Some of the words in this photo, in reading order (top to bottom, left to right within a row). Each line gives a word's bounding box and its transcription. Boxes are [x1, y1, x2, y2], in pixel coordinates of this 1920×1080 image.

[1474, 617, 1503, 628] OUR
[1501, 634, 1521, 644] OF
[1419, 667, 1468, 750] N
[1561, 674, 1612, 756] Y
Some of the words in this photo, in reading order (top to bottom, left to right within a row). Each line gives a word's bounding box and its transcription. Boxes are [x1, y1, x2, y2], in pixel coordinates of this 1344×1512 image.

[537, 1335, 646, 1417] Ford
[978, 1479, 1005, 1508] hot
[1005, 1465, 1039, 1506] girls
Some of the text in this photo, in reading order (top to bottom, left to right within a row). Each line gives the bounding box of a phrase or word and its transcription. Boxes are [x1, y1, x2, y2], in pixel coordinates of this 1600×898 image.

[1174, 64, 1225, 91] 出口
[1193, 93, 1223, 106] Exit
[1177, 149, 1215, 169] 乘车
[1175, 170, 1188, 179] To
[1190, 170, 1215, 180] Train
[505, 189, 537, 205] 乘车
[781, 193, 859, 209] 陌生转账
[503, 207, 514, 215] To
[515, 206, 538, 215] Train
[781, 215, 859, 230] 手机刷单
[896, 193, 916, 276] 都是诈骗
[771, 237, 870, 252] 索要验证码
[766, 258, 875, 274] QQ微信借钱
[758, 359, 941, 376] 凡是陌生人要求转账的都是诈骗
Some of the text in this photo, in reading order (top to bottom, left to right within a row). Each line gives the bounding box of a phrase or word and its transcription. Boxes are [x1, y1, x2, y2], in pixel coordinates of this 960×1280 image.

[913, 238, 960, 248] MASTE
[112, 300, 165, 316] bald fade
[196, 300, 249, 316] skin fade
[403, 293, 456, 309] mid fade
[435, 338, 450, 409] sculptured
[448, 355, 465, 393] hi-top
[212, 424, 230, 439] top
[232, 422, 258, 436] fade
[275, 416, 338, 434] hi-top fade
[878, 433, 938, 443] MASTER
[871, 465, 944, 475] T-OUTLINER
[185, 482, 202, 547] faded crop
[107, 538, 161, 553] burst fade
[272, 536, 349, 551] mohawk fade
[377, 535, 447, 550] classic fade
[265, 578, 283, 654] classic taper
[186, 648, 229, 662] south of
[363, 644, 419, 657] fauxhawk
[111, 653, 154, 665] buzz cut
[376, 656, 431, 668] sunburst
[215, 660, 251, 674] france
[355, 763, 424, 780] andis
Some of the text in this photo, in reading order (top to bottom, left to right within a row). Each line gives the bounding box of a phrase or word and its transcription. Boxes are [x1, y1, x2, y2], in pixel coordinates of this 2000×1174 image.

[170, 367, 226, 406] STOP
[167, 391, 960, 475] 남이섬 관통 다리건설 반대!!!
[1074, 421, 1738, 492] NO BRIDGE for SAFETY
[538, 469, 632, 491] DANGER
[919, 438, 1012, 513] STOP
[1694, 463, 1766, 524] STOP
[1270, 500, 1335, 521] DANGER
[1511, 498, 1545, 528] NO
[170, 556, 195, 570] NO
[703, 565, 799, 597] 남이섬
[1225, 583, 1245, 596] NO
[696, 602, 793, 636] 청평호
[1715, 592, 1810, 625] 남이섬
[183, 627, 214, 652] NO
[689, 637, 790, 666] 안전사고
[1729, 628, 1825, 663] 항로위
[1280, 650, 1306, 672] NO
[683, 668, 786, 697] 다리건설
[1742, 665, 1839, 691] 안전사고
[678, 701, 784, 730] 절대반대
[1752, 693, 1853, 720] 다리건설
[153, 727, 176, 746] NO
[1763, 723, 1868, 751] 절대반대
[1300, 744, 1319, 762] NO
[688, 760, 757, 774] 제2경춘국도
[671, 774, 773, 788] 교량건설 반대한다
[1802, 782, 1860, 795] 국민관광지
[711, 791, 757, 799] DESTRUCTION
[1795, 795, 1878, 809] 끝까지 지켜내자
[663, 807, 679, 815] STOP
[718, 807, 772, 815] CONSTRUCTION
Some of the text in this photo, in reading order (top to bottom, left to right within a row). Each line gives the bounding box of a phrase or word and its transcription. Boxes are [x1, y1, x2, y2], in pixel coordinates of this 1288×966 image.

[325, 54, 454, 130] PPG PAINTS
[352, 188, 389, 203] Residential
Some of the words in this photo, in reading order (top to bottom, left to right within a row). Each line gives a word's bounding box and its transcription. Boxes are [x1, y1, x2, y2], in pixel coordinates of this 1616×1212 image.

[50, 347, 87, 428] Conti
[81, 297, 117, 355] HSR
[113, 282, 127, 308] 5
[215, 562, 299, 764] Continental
•••
● **YOUR OBJECTIVE**
To complete the exercise, print all of the entries exactly.

● **EXPECTED ANSWER**
Some of the words in this photo, in reading order (top to bottom, left to right within a row). Each line gives a word's bounding box and its transcription. Boxes are [x1, y1, x2, y2], in pixel coordinates of this 1920×1080 image.

[1474, 617, 1503, 628] OUR
[1501, 634, 1521, 644] OF
[1419, 667, 1468, 750] N
[1561, 674, 1612, 756] Y
Some of the words in this photo, in reading order (top to bottom, left to right within a row). Each line gives a word's bounding box and its transcription. Boxes are [x1, y1, x2, y2], in pixel coordinates of this 1344×1512 image.

[537, 1335, 646, 1417] Ford
[978, 1479, 1005, 1508] hot
[1005, 1465, 1039, 1506] girls
Some of the text in this photo, in reading order (top to bottom, left to right within a row). Each line gives the bounding box of a phrase or word and its transcription. Boxes are [x1, y1, x2, y2], in pixel coordinates of this 1600×898 image.

[1174, 64, 1225, 91] 出口
[1193, 93, 1223, 106] Exit
[1177, 149, 1215, 169] 乘车
[1175, 170, 1188, 179] To
[1190, 170, 1215, 180] Train
[505, 189, 537, 205] 乘车
[781, 193, 859, 209] 陌生转账
[503, 207, 514, 215] To
[515, 206, 538, 215] Train
[781, 215, 859, 230] 手机刷单
[896, 193, 916, 276] 都是诈骗
[771, 237, 870, 252] 索要验证码
[766, 258, 875, 274] QQ微信借钱
[758, 359, 941, 376] 凡是陌生人要求转账的都是诈骗
Some of the text in this photo, in reading order (top to bottom, left to right within a row). Each line gives the bounding box of a phrase or word and its transcription. Boxes are [x1, y1, x2, y2], in pixel coordinates of this 960×1280 image.

[913, 238, 960, 248] MASTE
[112, 300, 165, 316] bald fade
[196, 300, 249, 316] skin fade
[403, 293, 456, 309] mid fade
[435, 338, 450, 409] sculptured
[448, 355, 465, 393] hi-top
[212, 424, 230, 439] top
[232, 422, 258, 436] fade
[275, 416, 338, 434] hi-top fade
[878, 433, 938, 443] MASTER
[871, 465, 944, 475] T-OUTLINER
[185, 482, 202, 547] faded crop
[107, 538, 161, 553] burst fade
[272, 536, 349, 551] mohawk fade
[377, 535, 447, 550] classic fade
[265, 578, 283, 654] classic taper
[186, 648, 229, 662] south of
[363, 644, 419, 657] fauxhawk
[111, 653, 154, 665] buzz cut
[376, 656, 431, 668] sunburst
[215, 660, 251, 674] france
[355, 763, 424, 780] andis
Some of the text in this photo, in reading order (top to bottom, left to right within a row). Each line gives the bounding box of a phrase or word and its transcription. Boxes are [x1, y1, x2, y2], in pixel coordinates of this 2000×1174 image.

[170, 367, 226, 406] STOP
[167, 391, 960, 475] 남이섬 관통 다리건설 반대!!!
[1074, 421, 1738, 492] NO BRIDGE for SAFETY
[538, 469, 632, 491] DANGER
[919, 438, 1012, 513] STOP
[1694, 463, 1766, 524] STOP
[1270, 500, 1335, 521] DANGER
[1511, 498, 1545, 528] NO
[170, 556, 195, 570] NO
[703, 565, 799, 597] 남이섬
[1225, 583, 1245, 596] NO
[696, 602, 793, 636] 청평호
[1715, 592, 1810, 625] 남이섬
[183, 627, 214, 652] NO
[689, 637, 790, 666] 안전사고
[1729, 628, 1825, 663] 항로위
[1280, 650, 1306, 672] NO
[683, 668, 786, 697] 다리건설
[1742, 665, 1839, 691] 안전사고
[678, 701, 784, 730] 절대반대
[1752, 693, 1853, 720] 다리건설
[153, 727, 176, 746] NO
[1763, 723, 1868, 751] 절대반대
[1300, 744, 1319, 762] NO
[688, 760, 757, 774] 제2경춘국도
[671, 774, 773, 788] 교량건설 반대한다
[1802, 782, 1860, 795] 국민관광지
[711, 791, 757, 799] DESTRUCTION
[1795, 795, 1878, 809] 끝까지 지켜내자
[663, 807, 679, 815] STOP
[718, 807, 772, 815] CONSTRUCTION
Some of the text in this photo, in reading order (top to bottom, left to right within a row). Each line gives the bounding box of a phrase or word and its transcription. Boxes are [x1, y1, x2, y2], in pixel coordinates of this 1288×966 image.

[325, 54, 454, 130] PPG PAINTS
[352, 188, 389, 203] Residential
Some of the words in this photo, in reading order (top to bottom, left to right within a row). Each line gives a word's bounding box and its transcription. Boxes are [x1, y1, x2, y2], in pixel coordinates of this 1616×1212 image.

[50, 347, 87, 428] Conti
[81, 297, 117, 355] HSR
[113, 282, 127, 308] 5
[215, 562, 299, 764] Continental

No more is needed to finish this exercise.